Dans le cadre de Rev3, la dynamique collective initiée depuis presque dix ans par la Région Hauts-de-France et la Chambre de commerce et d'industrie des Hauts-de-France pour promouvoir une économie durable et décarbonée, les autorités locales ont consenti des efforts financiers substantiels pour attirer des industriels sur les terres nordistes. Avec un succès certain. Ainsi, Automotive Cells Company (ACC), la coentreprise créée par le Groupe PSA et Total, rejoints par Mercedes, pour développer et fabriquer des batteries, a inauguré sa première giga-usine à Billy Berclau/Douvrin, près de Lens, en mai dernier. « Nous avons déjà 450 salariés, et nous en aurons 2 000 en 2030, pour produire 800 000 batteries par an, essentiellement pour Mercedes et Stellantis. L'Europe aura besoin de 9 à 12 millions de batteries par an dans les années à venir, ce qui implique d'implanter environ 25 gigafactories en Europe », indique Matthieu Hubert, secrétaire général d'ACC.

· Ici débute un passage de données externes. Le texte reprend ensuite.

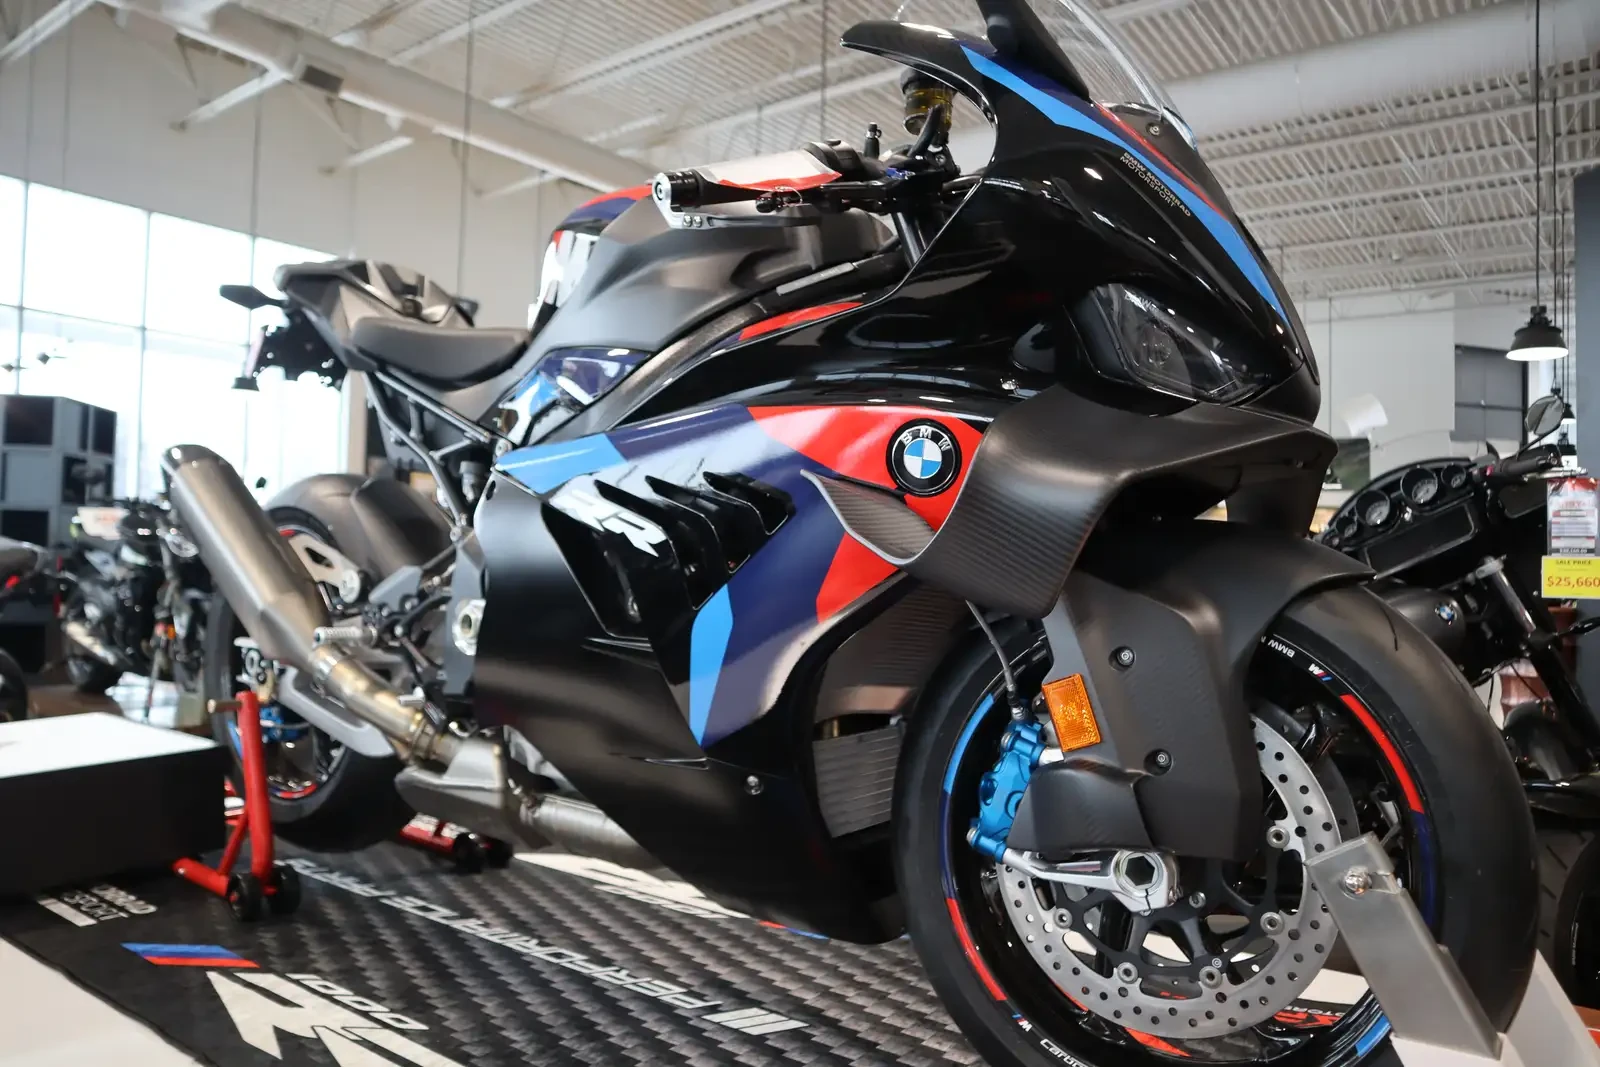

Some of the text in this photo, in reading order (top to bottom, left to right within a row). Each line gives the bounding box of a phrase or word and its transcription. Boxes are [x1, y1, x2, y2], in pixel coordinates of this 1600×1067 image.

De même, Verkor, une start up grenobloise créée en 2020, a choisi le site de Bourbourg, près de Dunkerque, pour lancer la production de modules et de cellules de batteries électriques. « Nos premières batteries seront pour les Alpines, Renault étant notre partenaire stratégique », précise Sylvain Paineau, cofondateur de Verkor. Opérationnelle en 2025, l'usine devrait équiper un million de voitures électriques d'ici 2030. Enfin, à Douai, le groupe sino-japonais Envision, en partenariat avec Renault, va implanter une usine l'an prochain et prévoit d'équiper 400 000 voitures électriques à horizon 2030, tandis que le Taïwanais ProLogium a choisi le port de Dunkerque pour une gigafactory qui devrait voir le jour en 2026, dans l'objectif d'équiper à terme de 500 000 à 700 000 véhicules électriques par an.
Battery Valley
Au point que déjà, on parle d'une « Battery Valley », avec 20 000 emplois au total à la clé et la création d'un écosystème complet. La Région des Hauts-de-France espère en effet attirer également des sous-traitants en amont et en aval, avec notamment des capacités de recyclage des batteries. A cet égard, les groupes Orano, spécialiste de la valorisation et de la transformation des matières nucléaires, et XTC New Energy, producteur de matériaux de cathodes pour batteries, ont annoncé leur intention de créer deux usines à Dunkerque. Autant d'éléments que ne perd pas de vue Xavier Bertrand, la feuille de route de Rev3 incluant l'économie circulaire.
L'autre défi, la formation
Le rêve des Hauts-de-France est donc bien en passe de se concrétiser. Mais encore faut-il, pour tous ces industriels, qu'ils trouvent les compétences nécessaires à leur déploiement. Et c'est peut-être là le plus grand défi industriel... Si la région est la troisième en France en nombre d'ingénieurs formés dans les 21 écoles établies sur le territoire, il faut sans cesse attirer de nouveaux étudiants, puis s'assurer qu'ils s'y installent pour travailler. « Nous avons encore des difficultés », admet Antoine Macret, directeur de Hauts-de-France Innovation & Développement (HDFID), l'agence qui accompagne les entreprises et les start-up.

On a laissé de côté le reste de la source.